Radical cross-coupling reactions represent a revolutionary tool to make C(sp³)–C and C(sp³)–heteroatom bonds by means of transition metals and photoredox or electrochemical approaches. However, the use of main-group elements to harness this type of reactivity has been little explored. Here we show how a low-valency bismuth complex is able to undergo one-electron oxidative addition with redox-active alkyl-radical precursors, mimicking the behaviour of first-row transition metals. This reactivity paradigm for bismuth gives rise to well-defined oxidative addition complexes, which could be fully characterized in solution and in the solid state. The resulting Bi(III)–C(sp³) intermediates display divergent reactivity patterns depending on the α-substituents of the alkyl fragment. Mechanistic investigations of this reactivity led to the development of a bismuth-catalysed C(sp³)–N cross-coupling reaction that operates under mild conditions and accommodates synthetically relevant NH-heterocycles as coupling partners.

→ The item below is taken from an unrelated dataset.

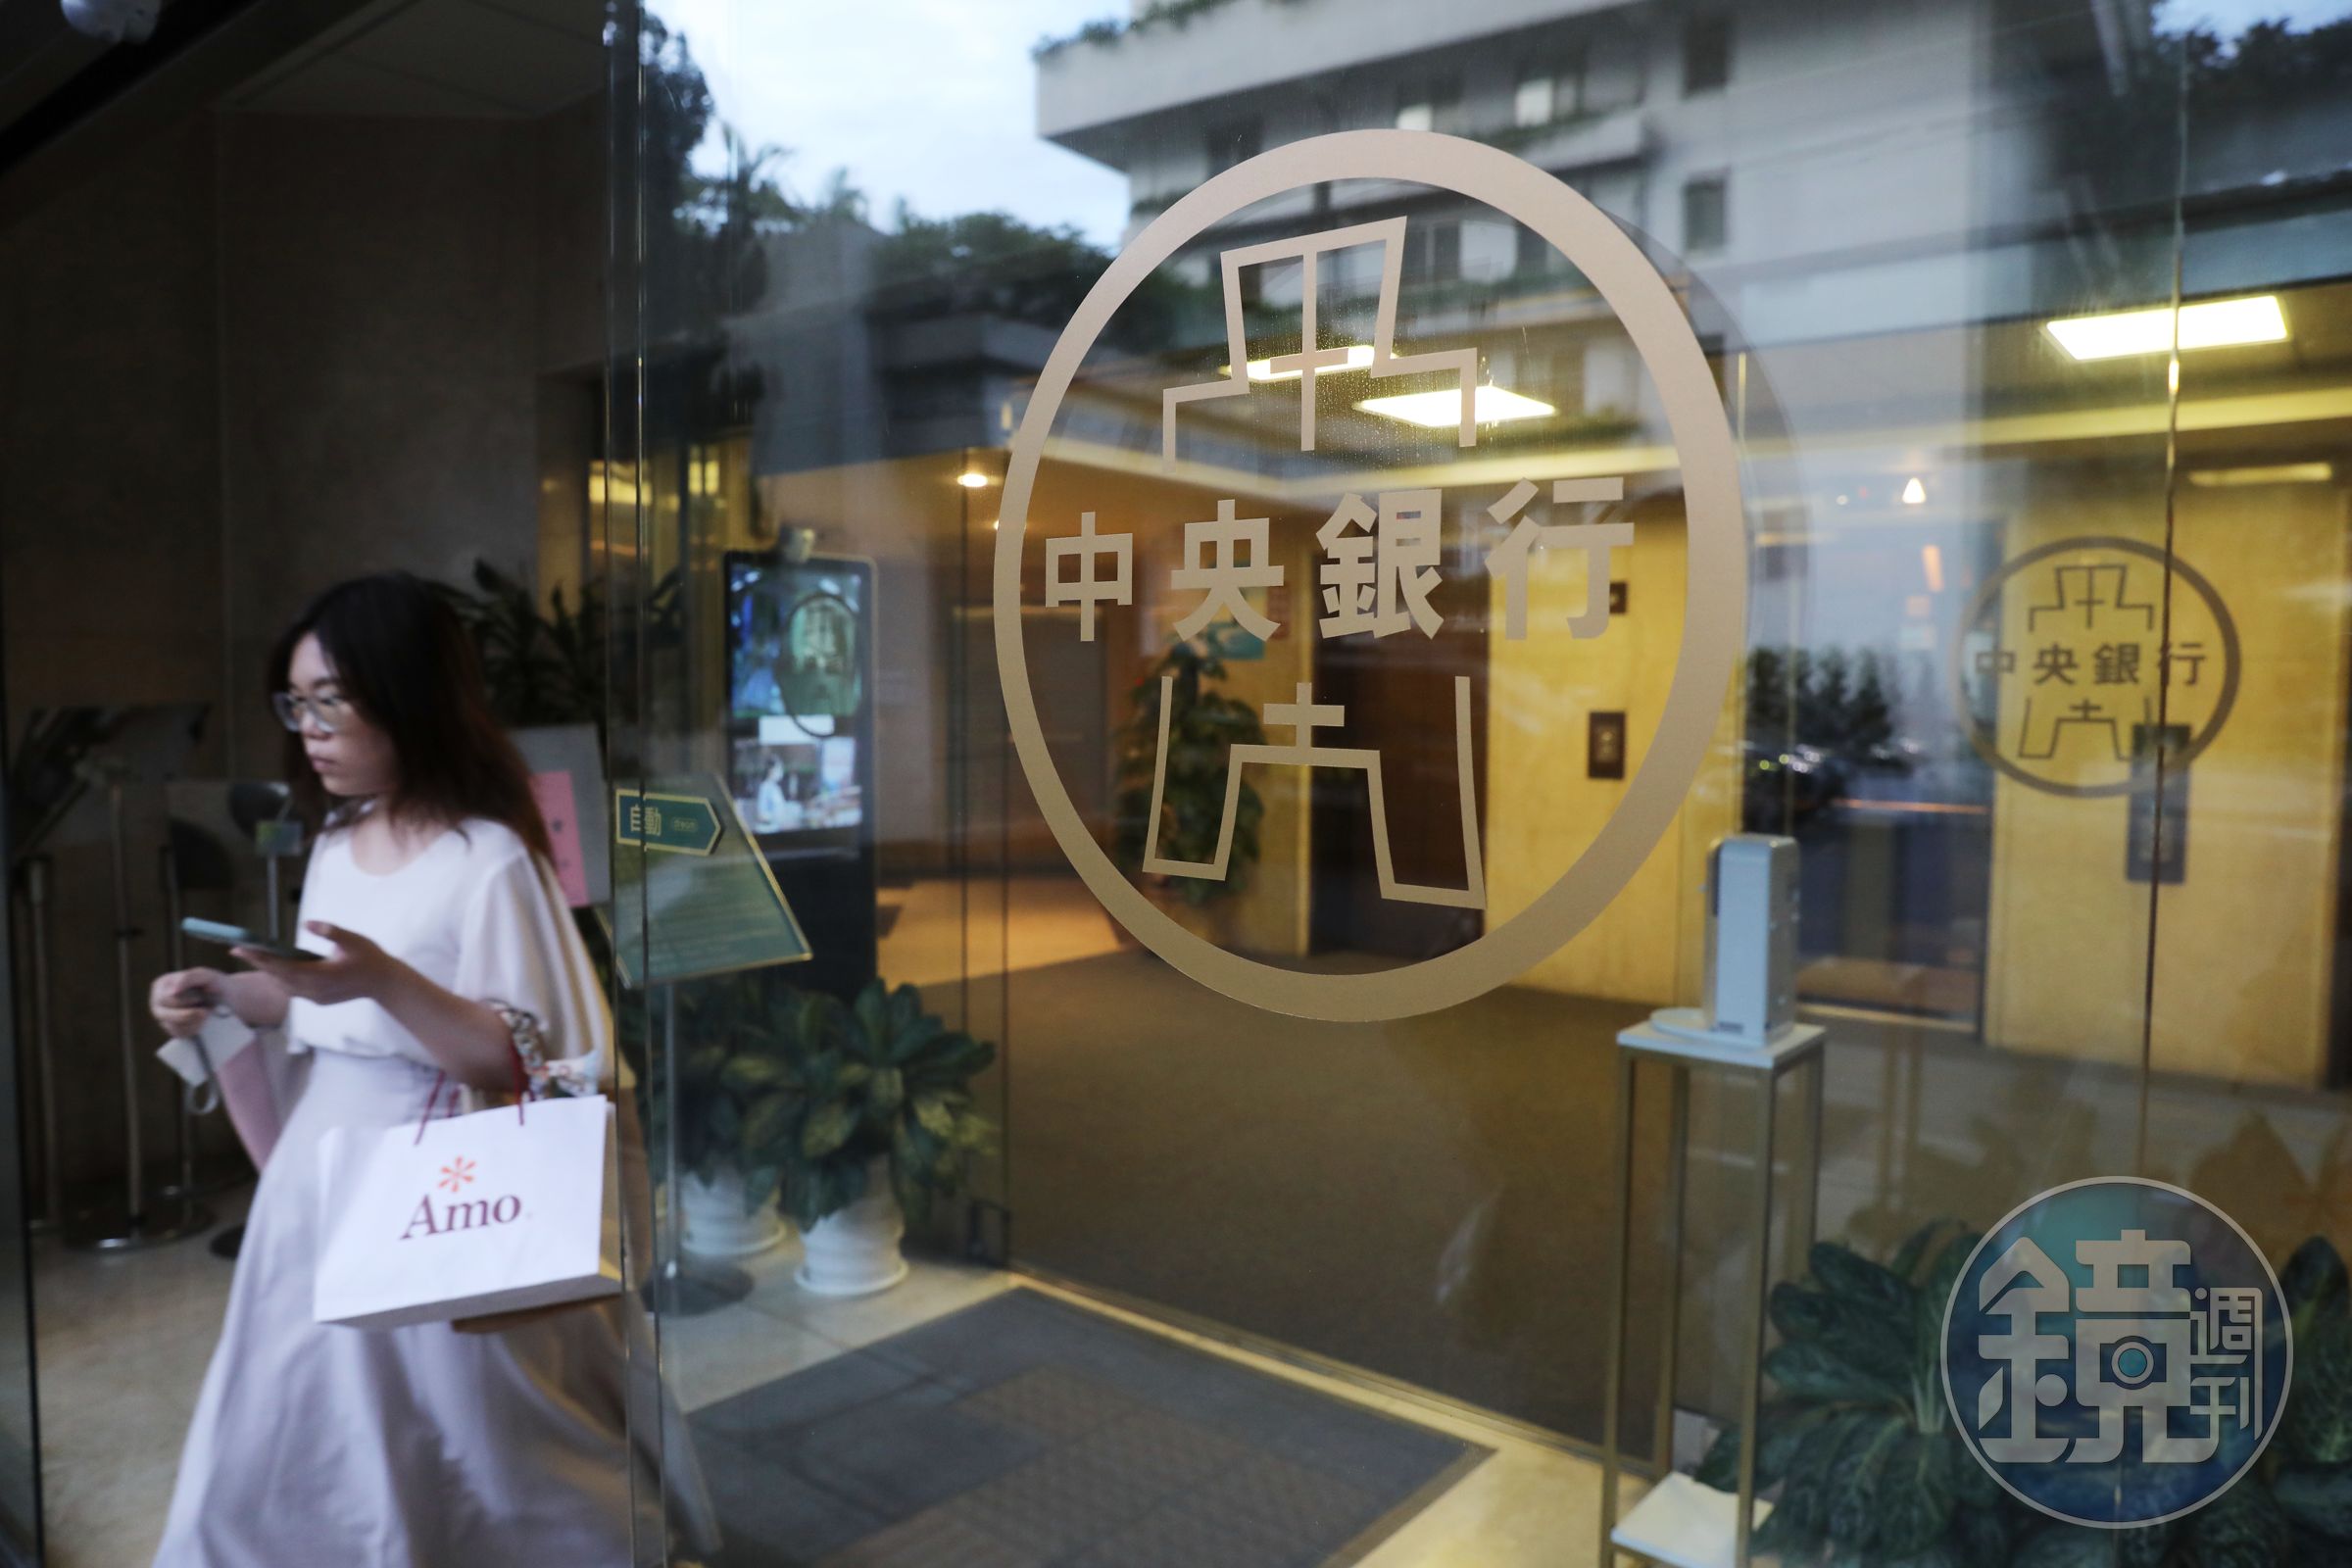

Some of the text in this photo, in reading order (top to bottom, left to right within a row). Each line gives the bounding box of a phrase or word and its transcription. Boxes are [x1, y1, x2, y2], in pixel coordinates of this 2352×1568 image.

[1045, 476, 1635, 642] 中央銀行
[1975, 642, 2206, 685] 中央銀行
[399, 1193, 522, 1241] Amo

自由基交叉偶联反应是通过过渡金属和光氧化还原或电化学方法形成 C( sp ³ )–C 和 C( sp ^{3 )– 杂原子键的革命性工具。}然而，使用主族元素来利用这种类型的反应性的探索却很少。在这里，我们展示了低价铋配合物如何能够与氧化还原活性烷基自由基前体进行单电子氧化加成，模仿第一行过渡金属的行为。铋的这种反应范式产生了明确的氧化加成络合物，可以在溶液和固态中对其进行充分表征。所得的 Bi(III)–C( sp ³ ) 中间体根据烷基片段的 α-取代基表现出不同的反应模式。对这种反应性的机理研究导致了铋催化的 C( sp ³ )-N 交叉偶联反应的发展，该反应在温和条件下进行，并容纳合成相关的 NH-杂环作为偶联伙伴。